In May 2025, the U.S. Copyright Office released the third installment of its three-part report on “Copyright and Artificial Intelligence,” addressing the issue of Generative AI Training. This report is based on the Notice of Inquiry (NOI) issued by the U.S. Copyright Office in August 2023 and the numerous responses submitted by stakeholders. The NOI sparked a wide-ranging debate among industry stakeholders, academics, and creators. At its core, the debate highlights a delicate balance between two competing values: on one side, the urgent need for technological innovation, and on the other, the protection of copyrighted works and the interests of creators.

Our previous writings have introduced the first and second report. This article continues with the third report, outlining its main findings and recommendations, and offering reflections on their implications for our jurisdiction.

I. Technical Background: How Are Generative AI Models Trained?
Before turning to the copyright implications of AI model training, it is necessary to understand the basic technical principles of generative AI training:

1. Machine Learning and Neural Networks
Generative AI models do not operate through human-designed program rules. Instead, they rely on machine learning processes to “learn” statistical patterns and relationships from massive amounts of training data. This process is accomplished through neural networks, which are complex mathematical functions composed of billions of parameters or weights. During training, these weights are repeatedly adjusted to improve the model’s performance. Ultimately, the trained model is defined by the patterns embedded in these learned weights.

2. Training Data
The performance of generative AI is highly dependent on the quantity, quality, and purpose of its training data. In terms of quantity, models typically require millions or even billions of works, with scale directly linked to performance. Common sources of training data include publicly available online material, licensed data, or developers’ own user data. It should be noted that “publicly available” does not necessarily mean “authorized,” which is one of the key issues in copyright disputes. Regardless of its origin, training data typically undergoes curation, including filtering, cleaning, and compiling. These steps not only affect model performance but also raise significant copyright and licensing questions.

3. Training Process
Some responses to the NOI distinguished between a pre-training phase and a post-training phase. Pre-training is critical to the core capabilities of generative AI, during which the model is exposed to vast amounts of text or other content and learns to predict the next token. By repeatedly processing billions of examples, the model gradually learns the latent patterns underlying language, images, or audio.

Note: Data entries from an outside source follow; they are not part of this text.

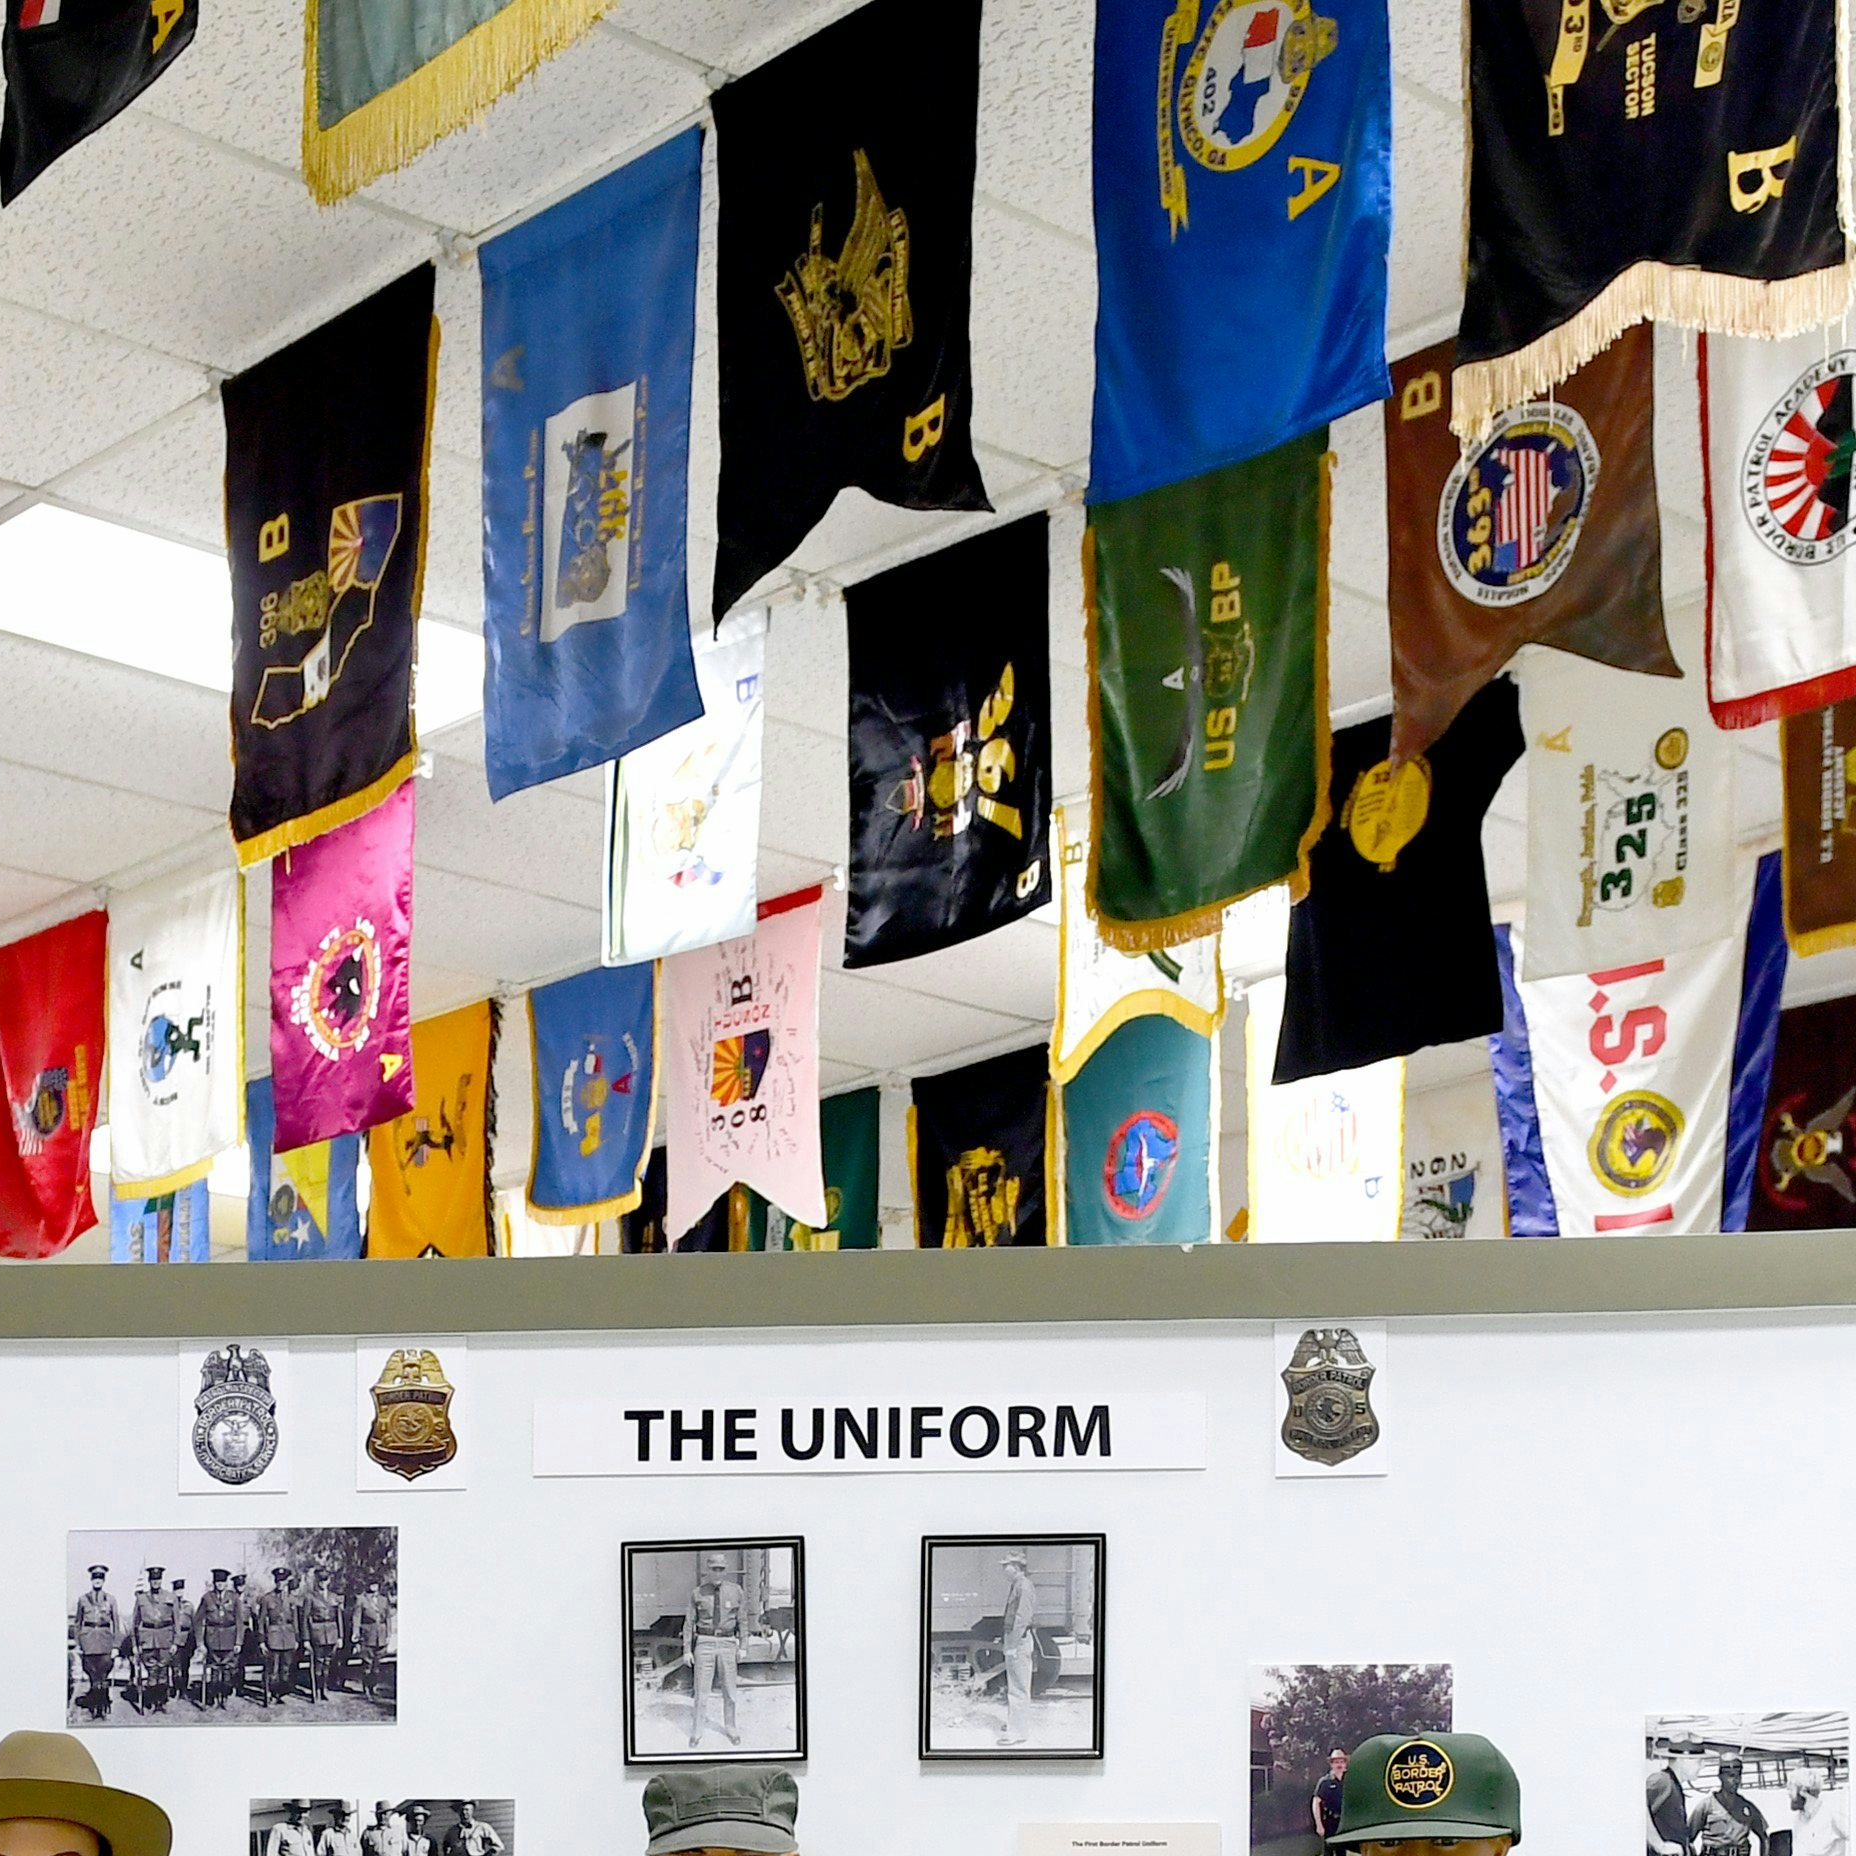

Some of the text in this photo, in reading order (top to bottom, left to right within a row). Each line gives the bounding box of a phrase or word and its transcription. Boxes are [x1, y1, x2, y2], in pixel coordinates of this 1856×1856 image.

[1201, 67, 1218, 117] 402
[1624, 40, 1640, 120] SECTOR
[1639, 32, 1657, 117] TUCSON
[1287, 155, 1342, 221] A
[1728, 135, 1798, 214] B
[789, 292, 813, 336] PROUD
[1400, 370, 1442, 421] B
[1774, 356, 1848, 426] ACADEMY
[903, 393, 945, 463] B
[1746, 431, 1775, 511] PATROL
[259, 512, 290, 563] B
[1755, 514, 1817, 561] BORDER
[1210, 560, 1242, 622] BP
[258, 592, 280, 649] 396
[1162, 666, 1185, 691] A
[1202, 706, 1237, 773] US
[1537, 723, 1572, 753] A
[1064, 840, 1082, 864] B
[1600, 791, 1657, 903] 325
[1675, 814, 1688, 871] Class
[1016, 860, 1042, 899] B
[130, 948, 144, 971] A
[731, 973, 753, 1006] B
[714, 1004, 771, 1029] TUCSON
[380, 1053, 404, 1082] A
[610, 1072, 633, 1095] A
[710, 1102, 767, 1132] 308
[1330, 1370, 1366, 1391] PATROL
[199, 1399, 273, 1430] BORDER PATROL
[1355, 1402, 1366, 1415] S
[624, 1405, 1112, 1462] THE UNIFORM
[1393, 1767, 1444, 1780] BORDER
[1408, 1754, 1430, 1765] U.S.
[1395, 1781, 1443, 1793] PATROL
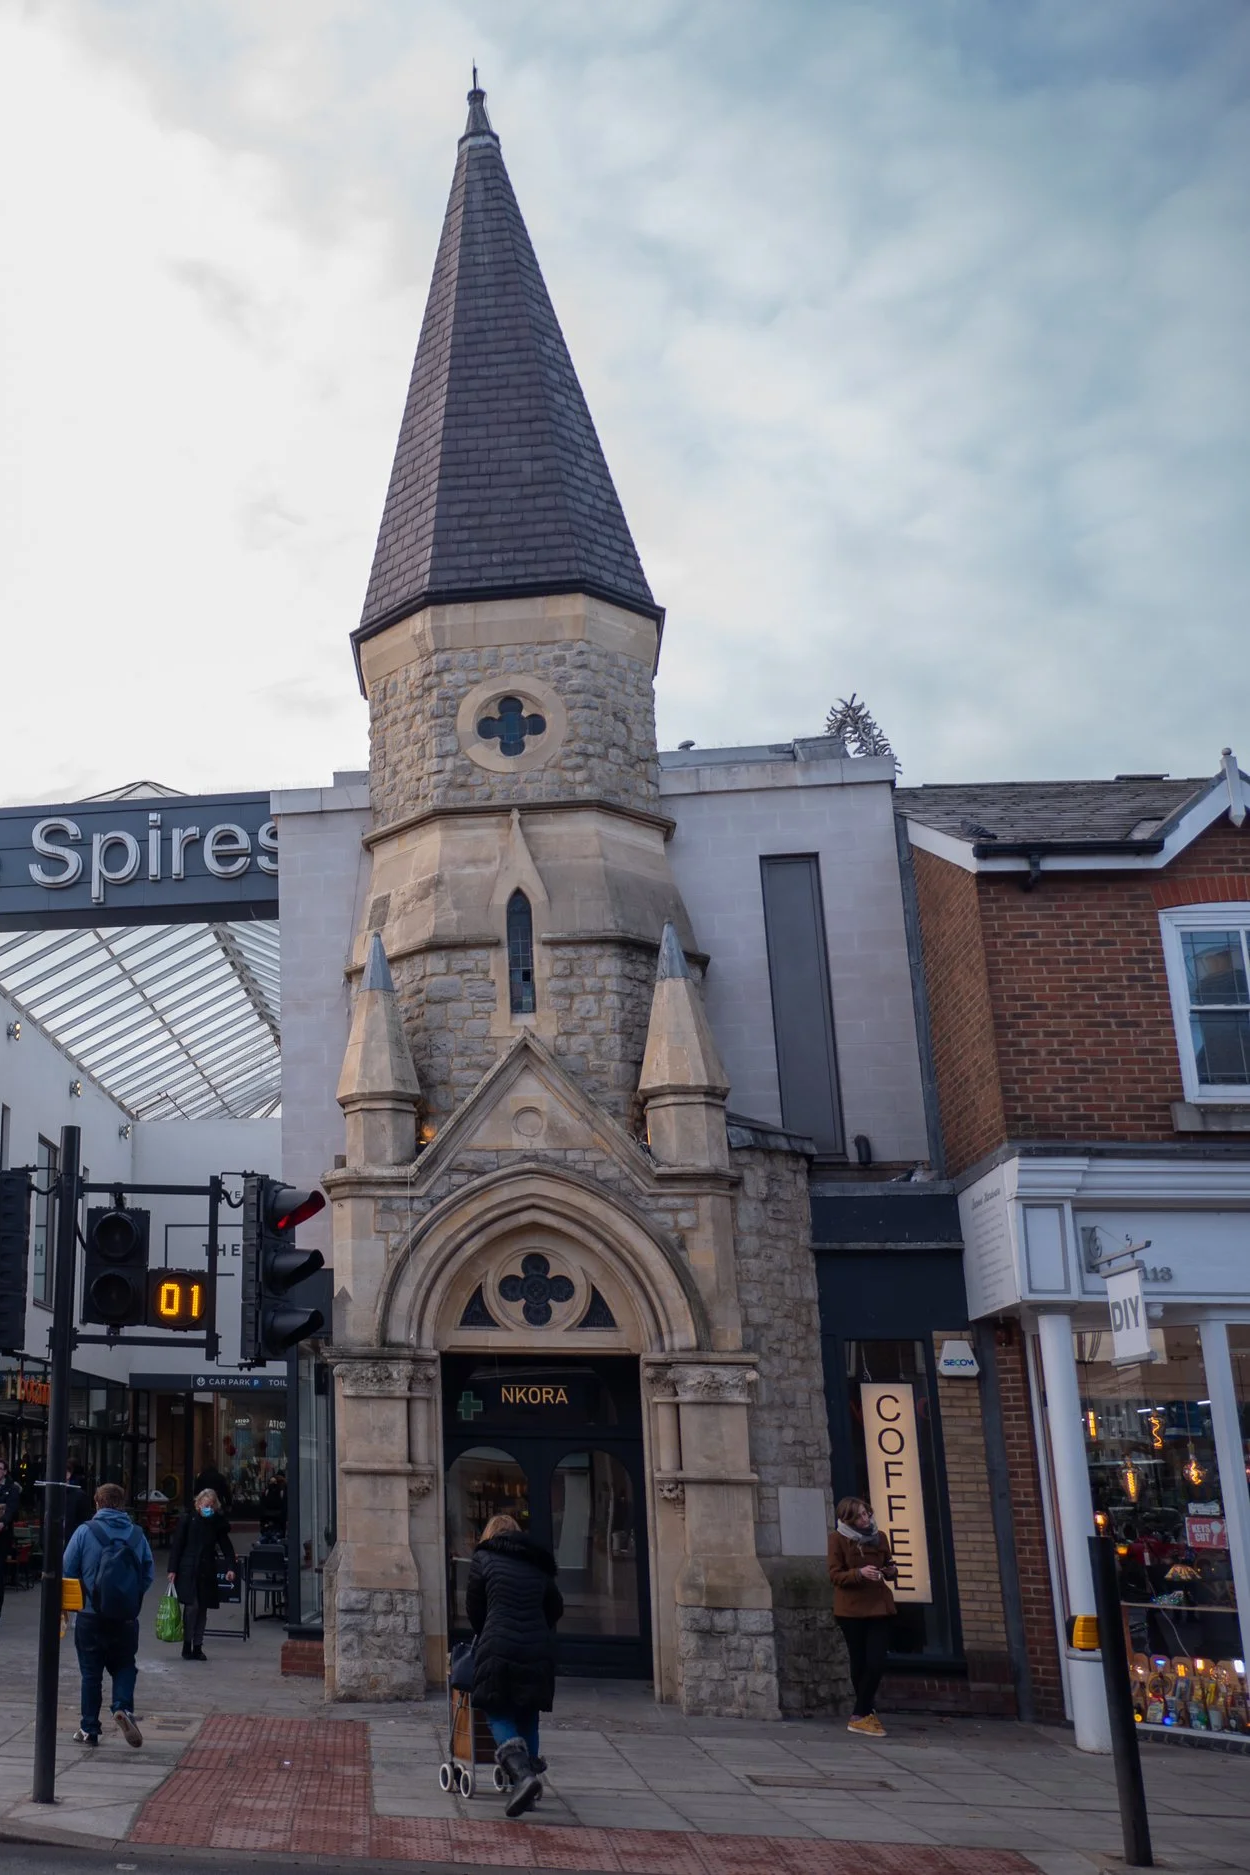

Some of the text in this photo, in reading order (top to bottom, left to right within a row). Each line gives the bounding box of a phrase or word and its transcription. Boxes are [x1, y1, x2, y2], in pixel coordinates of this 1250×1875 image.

[160, 1283, 199, 1317] 01
[1110, 1295, 1139, 1333] DIY
[209, 1378, 226, 1386] CAR
[228, 1378, 250, 1386] PARK
[269, 1379, 287, 1387] TOIL
[501, 1386, 569, 1404] NKORA
[876, 1394, 916, 1591] COFFEE
[1195, 1533, 1210, 1542] CUT

4. Memorization and Deployment
Generative AI models may exhibit memorization, meaning that outputs can closely resemble or even replicate portions of the training data. Developers such as OpenAI argue that models contain only statistical parameters and weights, not literal “copies” of training data. However, some NOI comments questioned this claim, arguing that when a model reproduces outputs that are highly similar to specific works, the effect is functionally equivalent to memorization. Scholars have taken a middle position, noting that the patterns learned by models may be abstract or specific; when they become highly specific, “memorization” occurs. While memorization may improve the model’s utility, it also raises significant copyright concerns when outputs closely mirror copyrighted works.

II. Prima Facie Infringement
Under U.S. copyright law, copyright owners are granted exclusive rights of reproduction, distribution, public performance, public display, and preparation of derivative works. To establish prima facie infringement, two elements must be satisfied: (1) ownership of a valid copyright, and (2) copying of constituent elements of the work that are original. The development and use of generative AI may implicate prima facie infringement of protected works in the following core stages:

1. Data Collection and Curation
The first step of AI training is the acquisition and preparation of data. Acts such as downloading works or transferring them across storage media directly implicate the reproduction right. Many commentators have concluded that the copying involved at this stage of data collection and curation constitutes an infringement of the reproduction right.

2. Training
The training of AI models involves multiple acts of copying and processing data, potentially resulting in model weights that embody reproductions of the training material. Thus, even individuals who later copy the weights without having participated in the training may still be engaged in prima facie infringement. As noted earlier, models may exhibit memorization of training examples. If a model is able to generate outputs that are substantially similar to training data without external prompting, this indicates that protected expression has, in some form, been retained within the weights.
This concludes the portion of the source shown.